Nos cinquenta anos do 25 de Abril, a tendência para produzir um catálogo prescritivo e celebratório do que foi o repertório artístico da revolução é natural, mas esse catálogo está bem estabelecido, é organicamente partilhado entre as diferentes subjetividades de Abril e pouco lhe teria a acrescentar. Mais relevante será, talvez, procurar entender como é que esse repertório se afirma naquele momento histórico e como é que ele nos chega ao presente.
Do ponto de vista das artes performativas, a ideia de repertório remete para um conjunto estável de textos (de textos dramatúrgicos, musicais a notações coreográficas) que um artista ou grupo artístico terá preparado para colocar em cena a qualquer momento. Subentende uma relação temporal entre ensaio e evento em forma de promessa (Basualdo, 2016). A noção de partitura, partindo da musicologia e depois cooptada pelas artes visuais no séc. XX, subentende por seu lado uma promessa de reinterpretação partindo de um conjunto de informação estável. Se a performance art complexifica estas noções, o que importa reter para a leitura deste texto é a sua abertura para a dramaturgia social (Cvejić/Vujanović, 2015, 2022) e o conjunto de gestos performativos que afirmam uma ordem social ou permitem uma ruptura. Repertório, na perspectiva deste texto, deve por isso mais às suas vidas após a criação, aos usos que culturalmente lhes demos, do que às obras em si, porque é impossível falar do repertório de Abril desligado das memórias sociais que produzimos, reproduzimos e apagamos através dele.

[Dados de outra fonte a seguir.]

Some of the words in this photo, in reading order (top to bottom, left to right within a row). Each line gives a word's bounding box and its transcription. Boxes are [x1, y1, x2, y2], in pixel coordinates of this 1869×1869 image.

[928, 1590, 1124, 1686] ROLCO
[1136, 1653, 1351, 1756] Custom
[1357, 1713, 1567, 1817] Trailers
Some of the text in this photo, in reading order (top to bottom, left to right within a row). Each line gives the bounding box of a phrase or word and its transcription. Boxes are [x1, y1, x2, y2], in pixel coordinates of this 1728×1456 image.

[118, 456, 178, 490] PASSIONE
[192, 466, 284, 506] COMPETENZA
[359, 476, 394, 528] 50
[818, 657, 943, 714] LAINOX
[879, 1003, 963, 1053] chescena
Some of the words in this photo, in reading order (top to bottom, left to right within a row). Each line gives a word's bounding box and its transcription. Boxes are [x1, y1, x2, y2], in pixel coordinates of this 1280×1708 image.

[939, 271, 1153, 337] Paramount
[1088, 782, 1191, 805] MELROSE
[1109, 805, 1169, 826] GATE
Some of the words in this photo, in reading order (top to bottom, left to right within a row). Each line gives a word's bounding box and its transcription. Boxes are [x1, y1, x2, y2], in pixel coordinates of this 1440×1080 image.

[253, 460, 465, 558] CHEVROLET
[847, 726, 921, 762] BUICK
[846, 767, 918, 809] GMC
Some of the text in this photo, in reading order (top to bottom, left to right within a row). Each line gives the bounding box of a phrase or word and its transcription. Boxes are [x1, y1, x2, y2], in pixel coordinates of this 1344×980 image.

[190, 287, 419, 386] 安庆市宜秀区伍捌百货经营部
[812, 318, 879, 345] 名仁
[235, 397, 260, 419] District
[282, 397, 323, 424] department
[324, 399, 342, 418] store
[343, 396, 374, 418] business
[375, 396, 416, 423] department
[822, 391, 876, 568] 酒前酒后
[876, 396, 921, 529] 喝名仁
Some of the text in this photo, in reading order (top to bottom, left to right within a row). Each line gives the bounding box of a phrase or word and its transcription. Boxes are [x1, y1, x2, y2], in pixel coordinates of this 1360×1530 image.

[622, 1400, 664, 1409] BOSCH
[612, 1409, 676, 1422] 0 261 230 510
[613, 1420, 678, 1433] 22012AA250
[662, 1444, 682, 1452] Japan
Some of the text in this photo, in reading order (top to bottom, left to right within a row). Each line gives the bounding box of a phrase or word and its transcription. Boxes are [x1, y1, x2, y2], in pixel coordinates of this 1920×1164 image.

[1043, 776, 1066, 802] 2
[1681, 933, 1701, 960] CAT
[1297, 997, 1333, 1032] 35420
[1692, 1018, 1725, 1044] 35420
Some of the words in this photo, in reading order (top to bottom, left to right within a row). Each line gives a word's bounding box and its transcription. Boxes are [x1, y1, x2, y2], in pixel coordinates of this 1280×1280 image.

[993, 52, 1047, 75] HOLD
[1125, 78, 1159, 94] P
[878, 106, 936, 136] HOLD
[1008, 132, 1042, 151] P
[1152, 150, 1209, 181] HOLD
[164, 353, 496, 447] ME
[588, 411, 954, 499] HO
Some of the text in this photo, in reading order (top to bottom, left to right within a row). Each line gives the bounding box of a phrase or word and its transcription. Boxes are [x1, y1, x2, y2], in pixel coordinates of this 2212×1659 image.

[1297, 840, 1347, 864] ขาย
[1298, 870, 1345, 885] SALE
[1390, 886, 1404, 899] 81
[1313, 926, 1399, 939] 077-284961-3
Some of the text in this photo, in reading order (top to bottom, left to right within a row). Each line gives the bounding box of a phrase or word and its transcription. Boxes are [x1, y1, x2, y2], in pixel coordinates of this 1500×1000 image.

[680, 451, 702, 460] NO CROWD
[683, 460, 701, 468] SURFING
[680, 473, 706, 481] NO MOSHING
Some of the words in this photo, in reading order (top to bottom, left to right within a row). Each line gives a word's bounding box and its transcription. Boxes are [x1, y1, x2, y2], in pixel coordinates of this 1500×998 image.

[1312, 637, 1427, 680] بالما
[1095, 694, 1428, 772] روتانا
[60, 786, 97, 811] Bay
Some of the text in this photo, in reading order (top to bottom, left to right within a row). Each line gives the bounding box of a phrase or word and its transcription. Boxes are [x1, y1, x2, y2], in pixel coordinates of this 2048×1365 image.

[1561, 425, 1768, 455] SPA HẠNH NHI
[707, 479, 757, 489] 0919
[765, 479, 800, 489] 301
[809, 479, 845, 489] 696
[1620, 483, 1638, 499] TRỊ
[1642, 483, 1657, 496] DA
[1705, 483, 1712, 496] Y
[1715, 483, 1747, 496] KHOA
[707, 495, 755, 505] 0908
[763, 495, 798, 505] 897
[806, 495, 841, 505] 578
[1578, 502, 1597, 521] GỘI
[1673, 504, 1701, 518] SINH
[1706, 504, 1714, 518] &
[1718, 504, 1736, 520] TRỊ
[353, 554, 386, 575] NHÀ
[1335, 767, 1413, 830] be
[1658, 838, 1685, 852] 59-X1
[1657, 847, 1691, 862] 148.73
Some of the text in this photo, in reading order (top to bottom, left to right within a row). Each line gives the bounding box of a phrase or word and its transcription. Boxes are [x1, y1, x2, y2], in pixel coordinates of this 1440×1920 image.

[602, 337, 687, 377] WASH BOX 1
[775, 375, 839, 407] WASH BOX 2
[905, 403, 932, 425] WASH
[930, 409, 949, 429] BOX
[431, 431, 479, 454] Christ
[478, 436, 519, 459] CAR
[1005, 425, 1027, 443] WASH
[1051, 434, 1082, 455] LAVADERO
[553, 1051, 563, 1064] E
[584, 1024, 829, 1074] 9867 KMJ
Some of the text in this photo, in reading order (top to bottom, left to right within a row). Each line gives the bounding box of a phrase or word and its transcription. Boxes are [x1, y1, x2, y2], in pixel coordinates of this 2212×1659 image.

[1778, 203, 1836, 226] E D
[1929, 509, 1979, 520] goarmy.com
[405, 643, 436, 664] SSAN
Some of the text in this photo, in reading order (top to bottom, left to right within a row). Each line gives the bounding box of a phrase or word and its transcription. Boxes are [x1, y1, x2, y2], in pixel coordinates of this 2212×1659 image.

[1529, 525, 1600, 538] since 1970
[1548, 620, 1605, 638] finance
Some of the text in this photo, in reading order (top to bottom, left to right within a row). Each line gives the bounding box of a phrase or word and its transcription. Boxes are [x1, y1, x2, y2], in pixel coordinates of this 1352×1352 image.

O repertório artístico de Abril ocupa um espaço tão presente quanto difuso na cultura portuguesa. O sintoma mais óbvio é a sua função de arquivo da mobilização política. Após 1974, será tão difícil encontrar um protesto ou manifestação com mobilização popular que não recorra a uma canção de Abril quanto identificar uma mobilização política que, desde então, tenha produzido um repertório próprio equiparável ao corpo cultural que se define através de um antes e um depois do 25 de Abril. As mobilizações do Que se Lixe a Troika (2012/13), por exemplo, levaram milhões de pessoas à rua ao som do que se tornou o hino de 1974, Grândola, vila morena (Zeca Afonso, 1971), bem como de Acordai (um “canto da alma” de temperamento sombrio “usado nos peditórios noturnos pelas almas em processo de purificação no purgatório que necessitem de auxílio para a elevação até ao Céu”, recolhida pelo etnógrafo Fernando Serrano em 1921 e adaptada por Fernando Lopes Graça para a Segunda Cantata de Natal em 1961).
A estética de Abril abre, por isso, uma contradição a dois tempos: cria uma cultura política que tem tanto de utopia quanto retrotopia(Bauman, 2017): algo que habita um passado perdido ou abandonado, mas que não morreu, gerando por isso uma nostalgia por um futuro não existente. Esta tensão exige e produz respostas que tanto se podem manifestar pelo desmembramento estético entre arte e política – por exemplo, seguindo a crítica de Deleuze e Guattari, através da simples reapropriação científico-económica, reduzindo Mondrian a um motivo através do design; transformando Carlos Paredes numa paixão patrimonial da portugalidade – ou pela redução da política à cultura.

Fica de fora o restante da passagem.